## Try it:
I'd like the entries repeated exactly, without their pictures.

=======

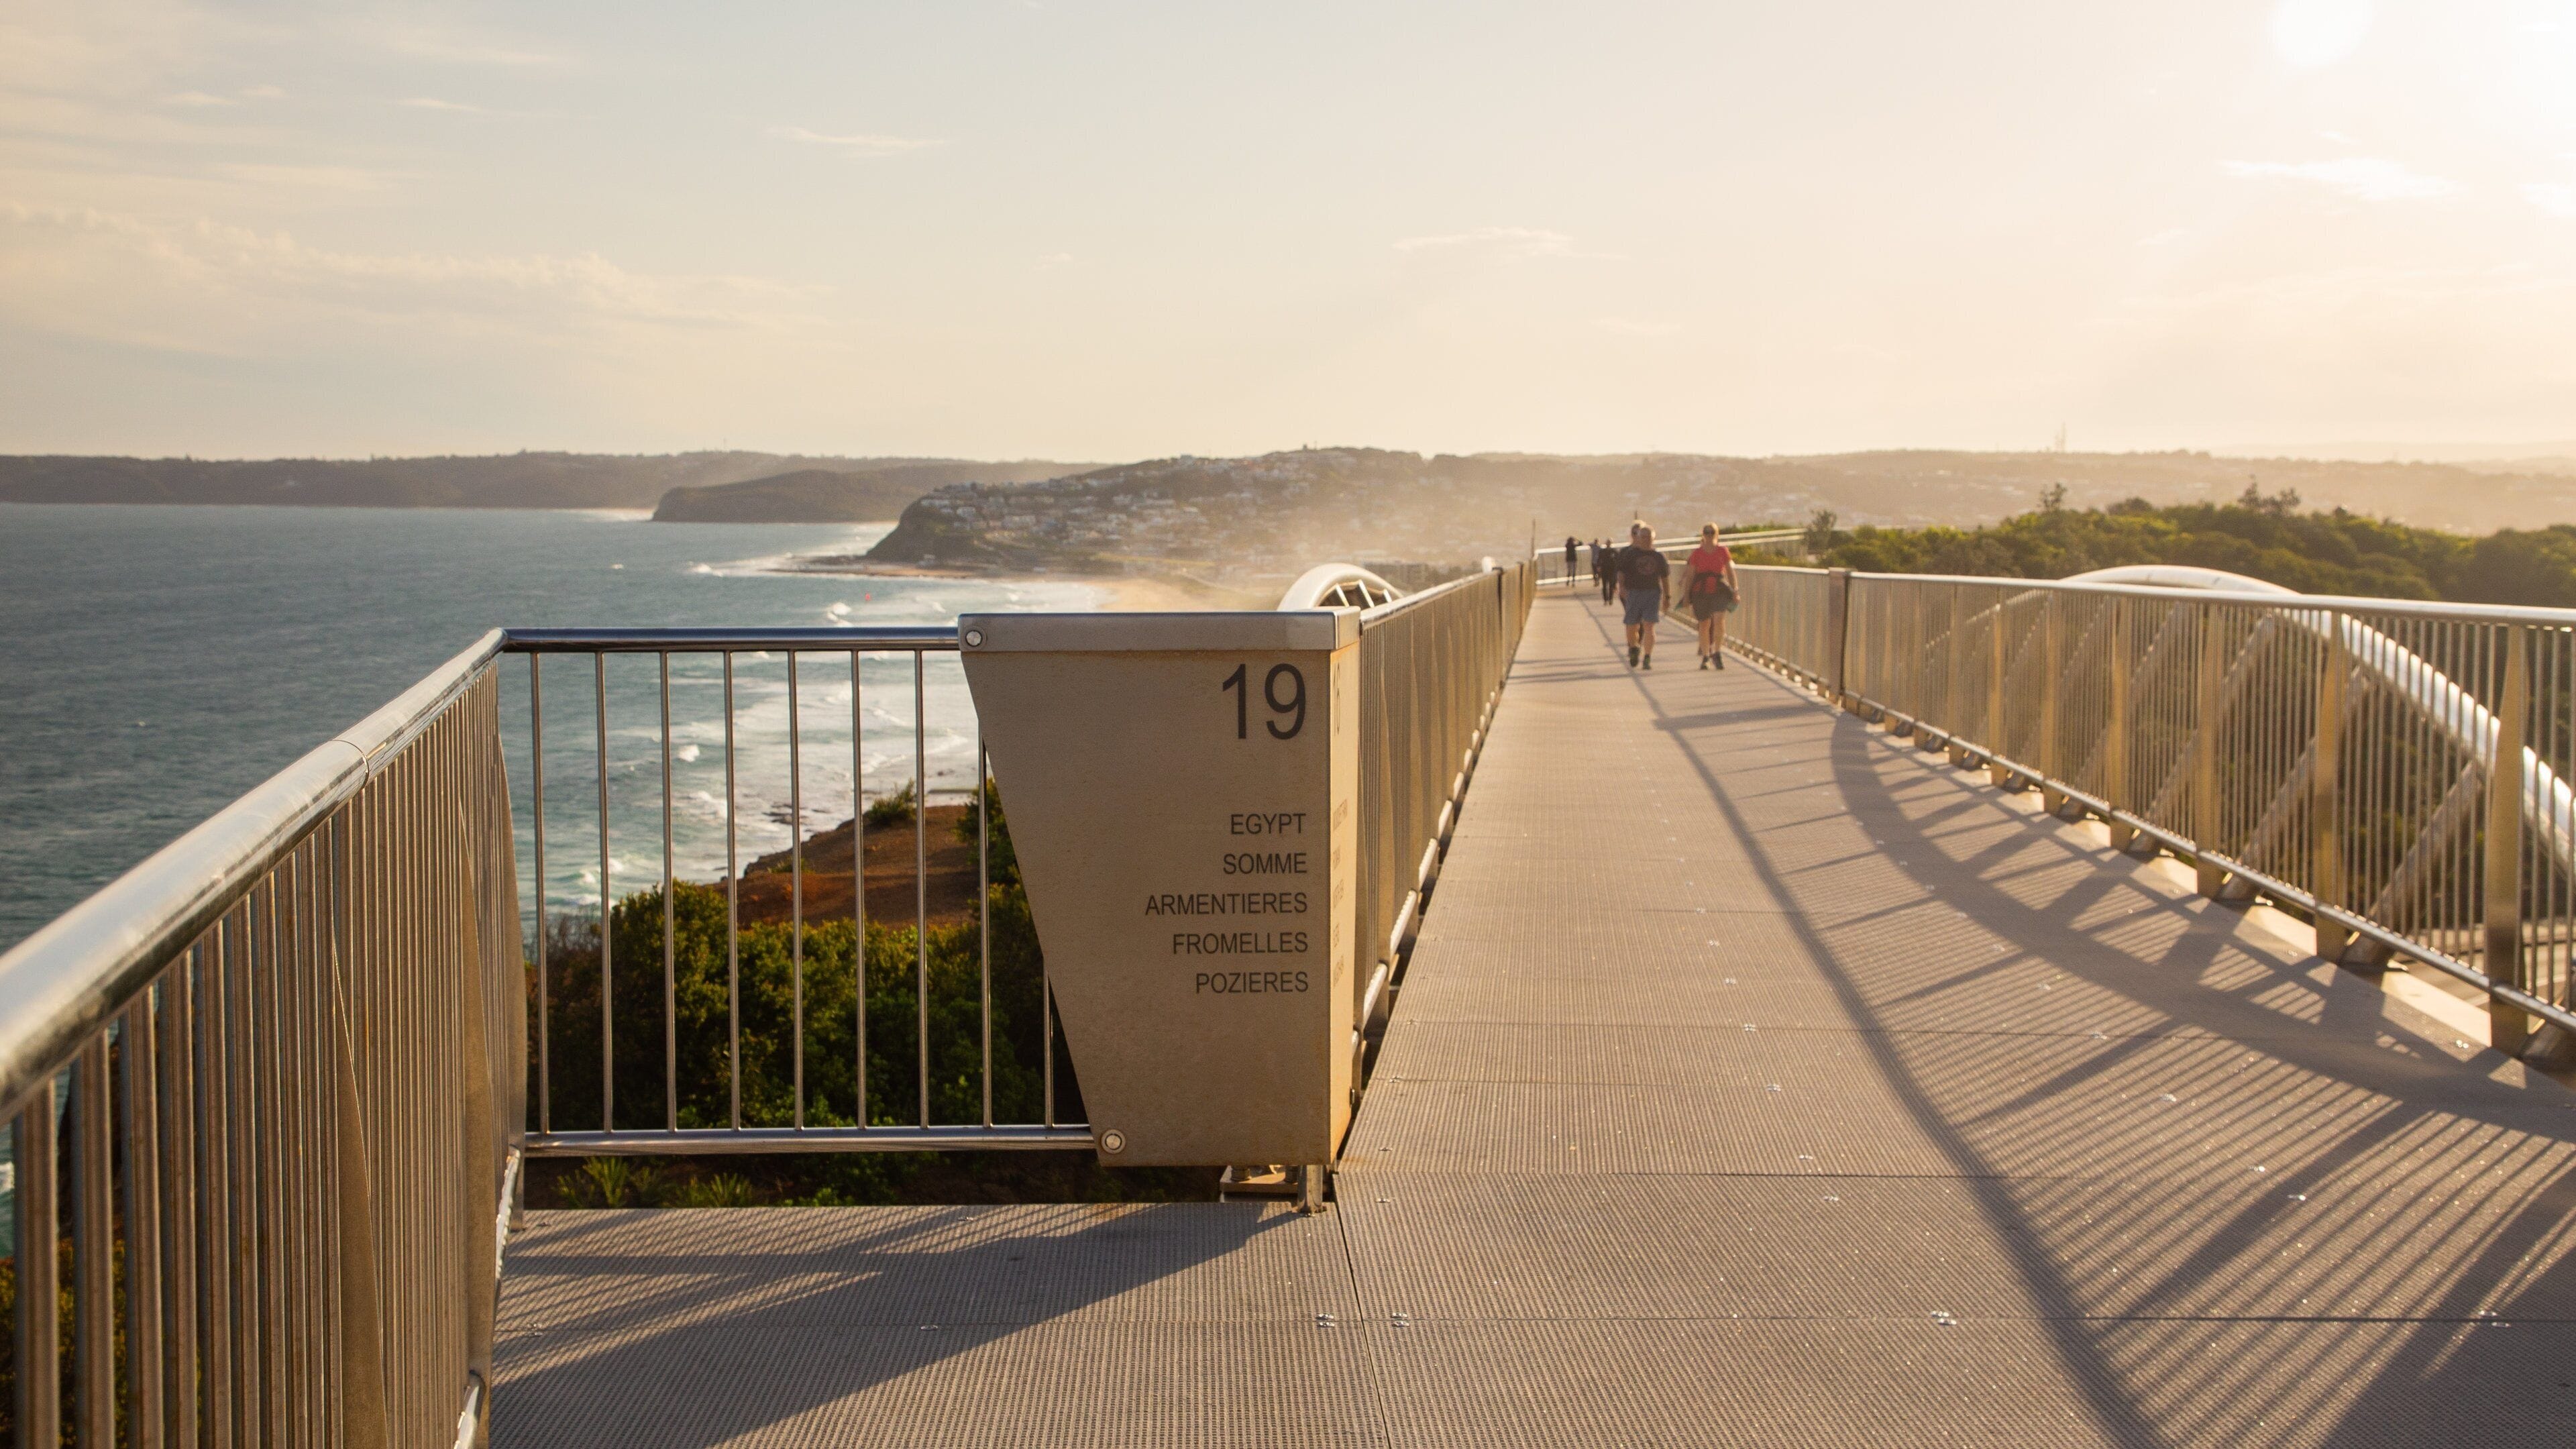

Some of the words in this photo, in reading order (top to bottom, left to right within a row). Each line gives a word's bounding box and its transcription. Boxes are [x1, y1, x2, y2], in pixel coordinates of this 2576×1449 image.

[1222, 663, 1307, 740] 19
[1231, 813, 1307, 835] EGYPT
[1223, 853, 1308, 875] SOMME
[1145, 892, 1308, 916] ARMENTIERES
[1173, 932, 1309, 955] FROMELLES
[1196, 971, 1309, 995] POZIERES

=======

## Answer space:
Some of the words in this photo, in reading order (top to bottom, left to right within a row). Each line gives a word's bounding box and its transcription. Boxes are [x1, y1, x2, y2], in pixel coordinates of this 2576×1449 image.

[1222, 663, 1307, 740] 19
[1231, 813, 1307, 835] EGYPT
[1223, 853, 1308, 875] SOMME
[1145, 892, 1308, 916] ARMENTIERES
[1173, 932, 1309, 955] FROMELLES
[1196, 971, 1309, 995] POZIERES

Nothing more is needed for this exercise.